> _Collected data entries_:
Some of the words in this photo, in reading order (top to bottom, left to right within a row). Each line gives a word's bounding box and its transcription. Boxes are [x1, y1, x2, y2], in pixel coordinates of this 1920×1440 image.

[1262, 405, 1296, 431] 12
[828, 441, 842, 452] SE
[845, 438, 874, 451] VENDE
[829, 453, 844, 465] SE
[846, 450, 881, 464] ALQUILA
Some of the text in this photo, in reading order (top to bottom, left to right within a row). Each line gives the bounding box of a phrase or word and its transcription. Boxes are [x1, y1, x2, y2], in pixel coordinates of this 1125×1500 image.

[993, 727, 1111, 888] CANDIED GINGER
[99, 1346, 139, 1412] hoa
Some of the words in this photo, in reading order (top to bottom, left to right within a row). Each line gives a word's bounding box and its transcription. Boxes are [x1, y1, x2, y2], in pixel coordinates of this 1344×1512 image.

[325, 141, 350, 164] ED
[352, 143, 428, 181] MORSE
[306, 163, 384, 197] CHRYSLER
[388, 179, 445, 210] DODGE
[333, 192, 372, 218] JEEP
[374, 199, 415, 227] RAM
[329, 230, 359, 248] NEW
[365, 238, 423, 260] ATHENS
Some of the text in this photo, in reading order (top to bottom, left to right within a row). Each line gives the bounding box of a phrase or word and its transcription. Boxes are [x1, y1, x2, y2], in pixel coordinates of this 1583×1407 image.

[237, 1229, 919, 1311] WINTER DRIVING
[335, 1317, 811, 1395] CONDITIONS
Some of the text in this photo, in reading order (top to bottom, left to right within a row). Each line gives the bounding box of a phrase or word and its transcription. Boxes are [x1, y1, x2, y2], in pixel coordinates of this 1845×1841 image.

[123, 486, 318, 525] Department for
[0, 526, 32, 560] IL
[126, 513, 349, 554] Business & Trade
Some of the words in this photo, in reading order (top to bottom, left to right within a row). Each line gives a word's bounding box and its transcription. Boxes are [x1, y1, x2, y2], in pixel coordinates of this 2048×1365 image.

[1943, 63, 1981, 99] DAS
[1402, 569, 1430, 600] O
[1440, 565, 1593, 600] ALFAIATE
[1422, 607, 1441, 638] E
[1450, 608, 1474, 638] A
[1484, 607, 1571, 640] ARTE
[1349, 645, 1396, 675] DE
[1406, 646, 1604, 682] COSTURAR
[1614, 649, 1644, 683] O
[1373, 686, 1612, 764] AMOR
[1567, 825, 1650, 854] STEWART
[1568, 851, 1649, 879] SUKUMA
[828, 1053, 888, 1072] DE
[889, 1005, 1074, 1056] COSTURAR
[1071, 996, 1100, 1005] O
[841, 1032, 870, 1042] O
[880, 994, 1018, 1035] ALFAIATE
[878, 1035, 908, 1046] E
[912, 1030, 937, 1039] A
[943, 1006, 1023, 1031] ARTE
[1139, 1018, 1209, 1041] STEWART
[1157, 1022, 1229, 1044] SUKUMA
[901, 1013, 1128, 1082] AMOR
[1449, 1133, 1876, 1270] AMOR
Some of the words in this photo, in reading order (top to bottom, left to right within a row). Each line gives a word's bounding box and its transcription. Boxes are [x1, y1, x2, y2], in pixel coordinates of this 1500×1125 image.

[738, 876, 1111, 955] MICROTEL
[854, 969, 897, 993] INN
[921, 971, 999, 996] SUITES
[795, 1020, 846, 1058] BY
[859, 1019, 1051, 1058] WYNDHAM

> _ACTIVITY_: After reading the data above, print it all again exactly.

> _OUTPUT BELOW_:
Some of the words in this photo, in reading order (top to bottom, left to right within a row). Each line gives a word's bounding box and its transcription. Boxes are [x1, y1, x2, y2], in pixel coordinates of this 1920×1440 image.

[1262, 405, 1296, 431] 12
[828, 441, 842, 452] SE
[845, 438, 874, 451] VENDE
[829, 453, 844, 465] SE
[846, 450, 881, 464] ALQUILA
Some of the text in this photo, in reading order (top to bottom, left to right within a row). Each line gives the bounding box of a phrase or word and its transcription. Boxes are [x1, y1, x2, y2], in pixel coordinates of this 1125×1500 image.

[993, 727, 1111, 888] CANDIED GINGER
[99, 1346, 139, 1412] hoa
Some of the words in this photo, in reading order (top to bottom, left to right within a row). Each line gives a word's bounding box and its transcription. Boxes are [x1, y1, x2, y2], in pixel coordinates of this 1344×1512 image.

[325, 141, 350, 164] ED
[352, 143, 428, 181] MORSE
[306, 163, 384, 197] CHRYSLER
[388, 179, 445, 210] DODGE
[333, 192, 372, 218] JEEP
[374, 199, 415, 227] RAM
[329, 230, 359, 248] NEW
[365, 238, 423, 260] ATHENS
Some of the text in this photo, in reading order (top to bottom, left to right within a row). Each line gives the bounding box of a phrase or word and its transcription. Boxes are [x1, y1, x2, y2], in pixel coordinates of this 1583×1407 image.

[237, 1229, 919, 1311] WINTER DRIVING
[335, 1317, 811, 1395] CONDITIONS
Some of the text in this photo, in reading order (top to bottom, left to right within a row). Each line gives the bounding box of a phrase or word and its transcription. Boxes are [x1, y1, x2, y2], in pixel coordinates of this 1845×1841 image.

[123, 486, 318, 525] Department for
[0, 526, 32, 560] IL
[126, 513, 349, 554] Business & Trade
Some of the words in this photo, in reading order (top to bottom, left to right within a row). Each line gives a word's bounding box and its transcription. Boxes are [x1, y1, x2, y2], in pixel coordinates of this 2048×1365 image.

[1943, 63, 1981, 99] DAS
[1402, 569, 1430, 600] O
[1440, 565, 1593, 600] ALFAIATE
[1422, 607, 1441, 638] E
[1450, 608, 1474, 638] A
[1484, 607, 1571, 640] ARTE
[1349, 645, 1396, 675] DE
[1406, 646, 1604, 682] COSTURAR
[1614, 649, 1644, 683] O
[1373, 686, 1612, 764] AMOR
[1567, 825, 1650, 854] STEWART
[1568, 851, 1649, 879] SUKUMA
[828, 1053, 888, 1072] DE
[889, 1005, 1074, 1056] COSTURAR
[1071, 996, 1100, 1005] O
[841, 1032, 870, 1042] O
[880, 994, 1018, 1035] ALFAIATE
[878, 1035, 908, 1046] E
[912, 1030, 937, 1039] A
[943, 1006, 1023, 1031] ARTE
[1139, 1018, 1209, 1041] STEWART
[1157, 1022, 1229, 1044] SUKUMA
[901, 1013, 1128, 1082] AMOR
[1449, 1133, 1876, 1270] AMOR
Some of the words in this photo, in reading order (top to bottom, left to right within a row). Each line gives a word's bounding box and its transcription. Boxes are [x1, y1, x2, y2], in pixel coordinates of this 1500×1125 image.

[738, 876, 1111, 955] MICROTEL
[854, 969, 897, 993] INN
[921, 971, 999, 996] SUITES
[795, 1020, 846, 1058] BY
[859, 1019, 1051, 1058] WYNDHAM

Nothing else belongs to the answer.